I typically address the features in these double bill reviews separately, but there’s
not a lot of point trying to parse The Hitman’s Bodyguard (2017) and The Hitman’s
Wife’s Bodyguard (2021). Unlike, say, George Miller’s distinct accomplishments
across the four Mad Max films, or Phillip Noyce’s differentiating touches
across Jack Ryan sequels Patriot Games and Clear and Present Danger, The Hitman’s Bodyguard and
its sequel are the same flavour
of film, the latter entry distinguished by foregrounding the titular wife, a supporting character in the original. In this
respect, The Hitman’s Wife’s Bodyguard follows the rather 1990s comedy sequel stratagem of "+1", ala Addams Family Values (add a baby), Look Who’s Talking Too
(add another baby), and Another Stakeout (add Rosie O’ Donnell),
The
constants across both titles—the hitman and his bodyguard—are played by
Samuel L. Jackson and Ryan Reynolds. In the first film, Jackson’s incarcerated
hitman Darius Kincaid makes a deal to dish dirt on a dictator (Gary Oldman) in
exchange for his wife Sonia’s (Hayek) release from prison. After Kincaid's security
escort is hijacked, the surviving personnel (Elodie Young) calls in her former
boyfriend, Reynold’s down-on-his-luck, formerly elite bodyguard Michael Bryce,
to deliver him to international criminal court. In the sequel, Bryce, Kincaid and Sonia are reunited by an Interpol agent (Frank Grillo) to
ensnare a nefarious tycoon (Antonio Banderas). Much of the events across both
films unfold in Central, Eastern, and Southeast European countries against
topical backdrops of war atrocities and collapsing economies, though I suspect the settings are less about responding to a broken world than they are producer Millenium Films’ history of booking incentivized productions in said
countries, including The Expendables series.
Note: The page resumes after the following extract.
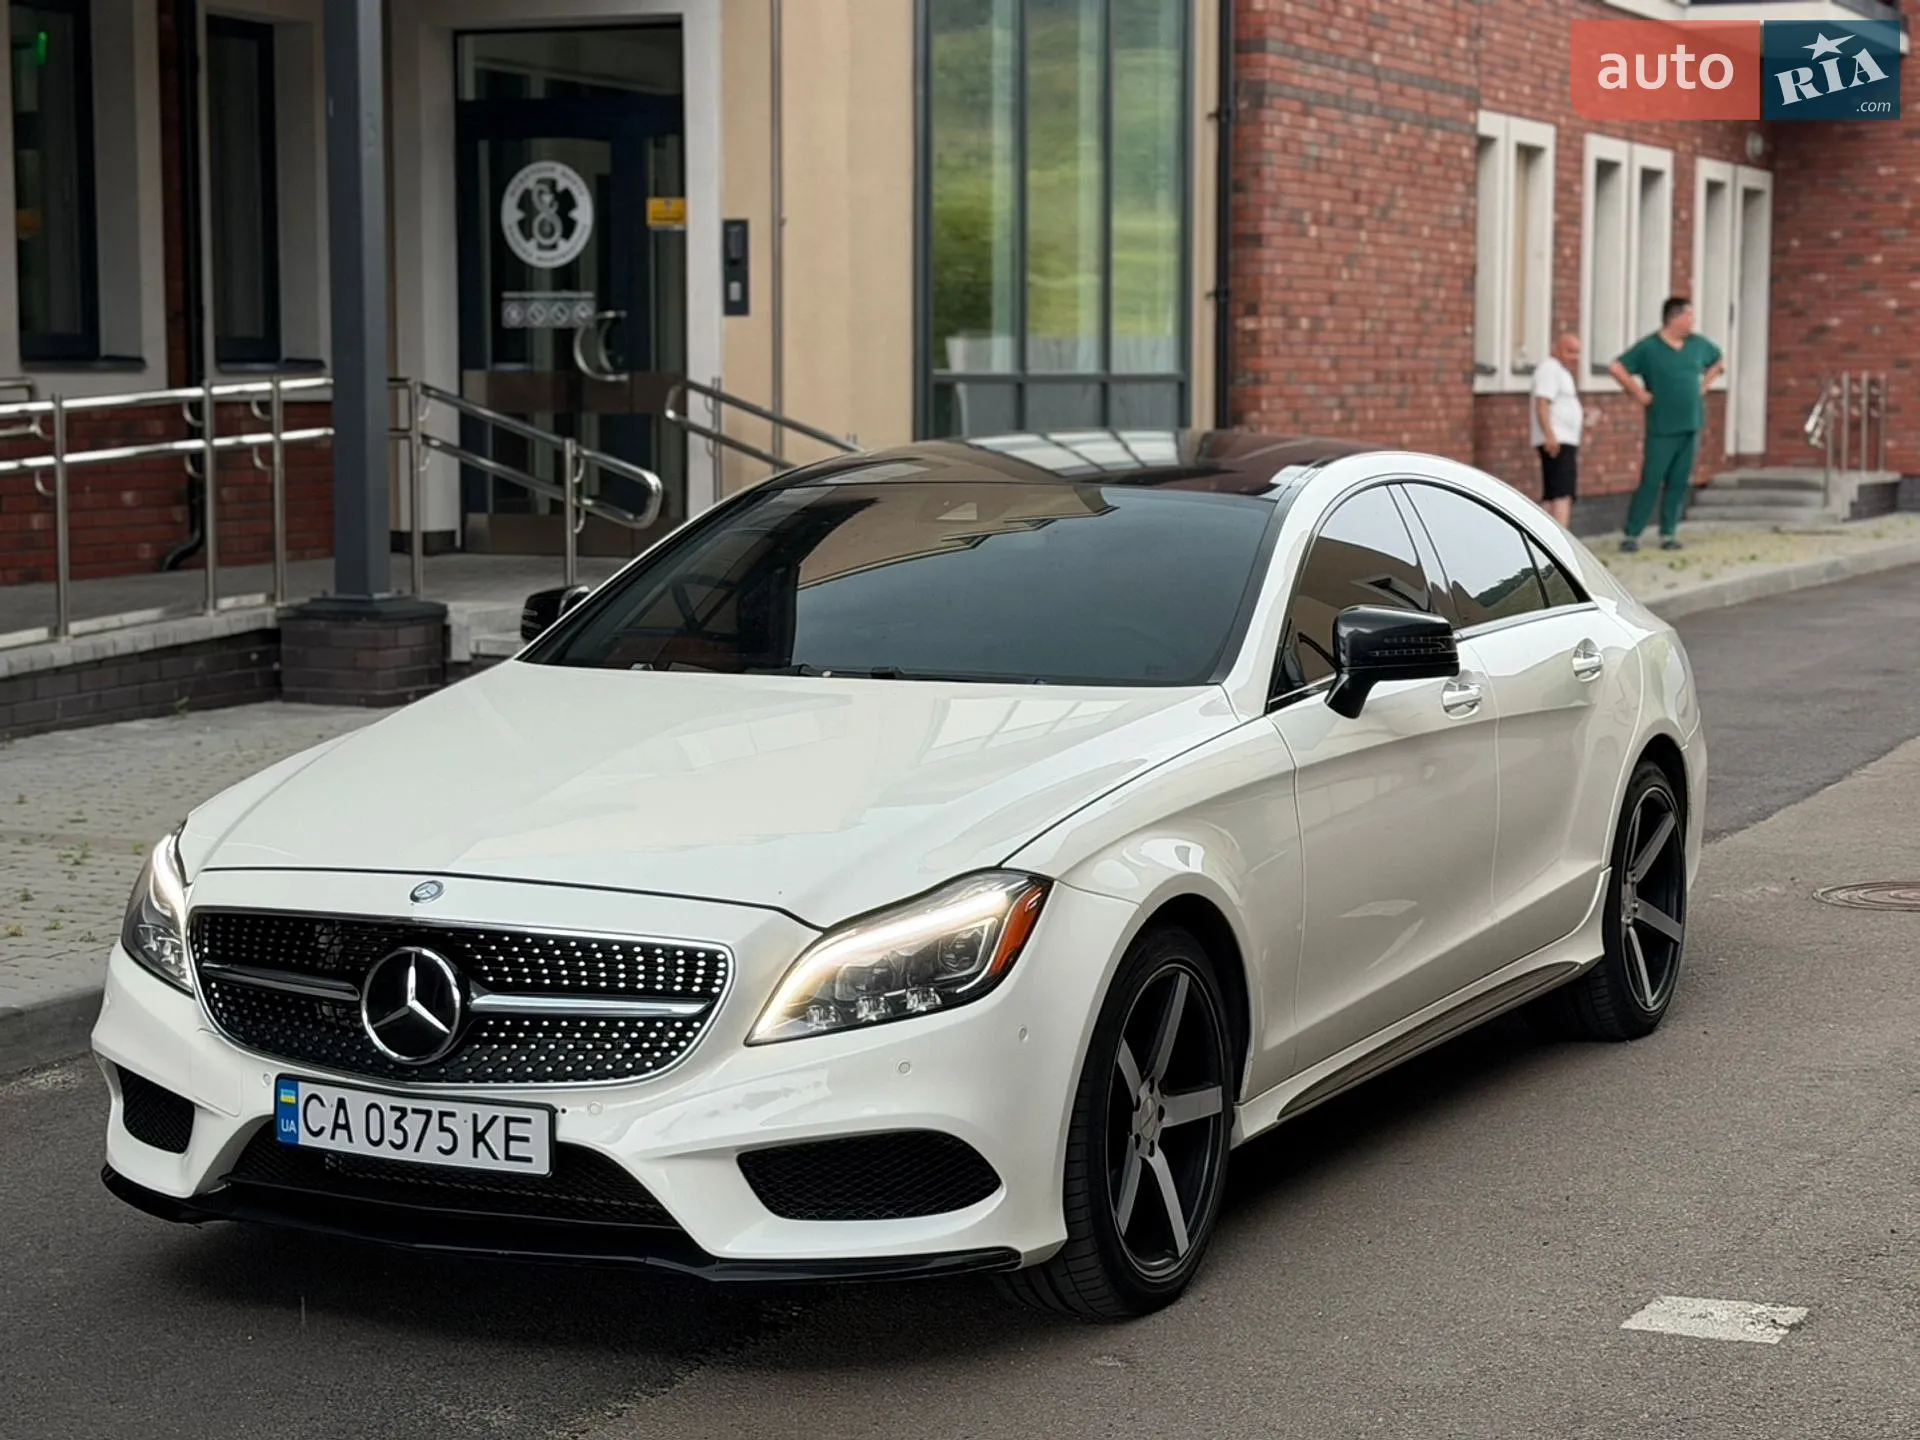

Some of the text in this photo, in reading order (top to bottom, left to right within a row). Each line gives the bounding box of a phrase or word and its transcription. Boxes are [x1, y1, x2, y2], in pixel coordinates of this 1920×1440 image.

I desperately want to like Patrick Hughes as a filmmaker. I admire his sweet short Signs and thriller Red Hill, and as a Stallone completist/apologist I enjoy The Expendables 3. He’s a solid action thriller artisan, and aside from George Miller and James Wan no other working Australian directors are commanding budgets of that scale or international productions of that global reach. But based on The Hitman’s Bodyguard and its sequel, and begrudgingly I’ll add The Expendables 3, said films are technically polished, somewhat derivative—an impressive single-take fight scene in a hardware store mimics Universal Soldier: Day of Reckoning—and ultimately inconsequential entertainments.
Moreover, unlike earlier solid Australian action thriller artisans—Brian Trenchard-Smith, Richard Franklin, Russell Mulcahy—Hughes' personality is largely subsumed under the weight of his leads and their franchises. The best moments in The Expendables 3 were, in retrospect, shaped by its stars and their personas rather than any external stimuli, their ingredients seeded in previous instalments or earlier star vehicles, particularly Stallone’s overwrought earnestness and Gibson magnetic scum-bummery. Here, Hughes is subservient to Reynolds, Jackson, and Hayek's screen personas: same dog, different fleas. As per The Expendables 3, the actors are game and perform with relish—Hayek in particular is the special sauce of the original, albeit a special sauce that, as per the bad habits of sequels, gets over-used second time around—though as a child of the 1980s and 90s I prefer the archaic Stallone and co. over Reynolds’ smarmy surrealist quippery. As a child of those decades, I should probably be grateful for not one but two major popcorn films centered on non-fantastical, non-supernaturally or preternaturally-endowed human beings that aren’t based on pre-existing comic book, video game, or other intellectual property, except that the films function as satellite extensions of Reynolds’ Deadpool house style, replete with ultraviolence, ironic use of pop music, snarky motormouthed hitmen, and florid, cheerfully expletive-riddled dialogue.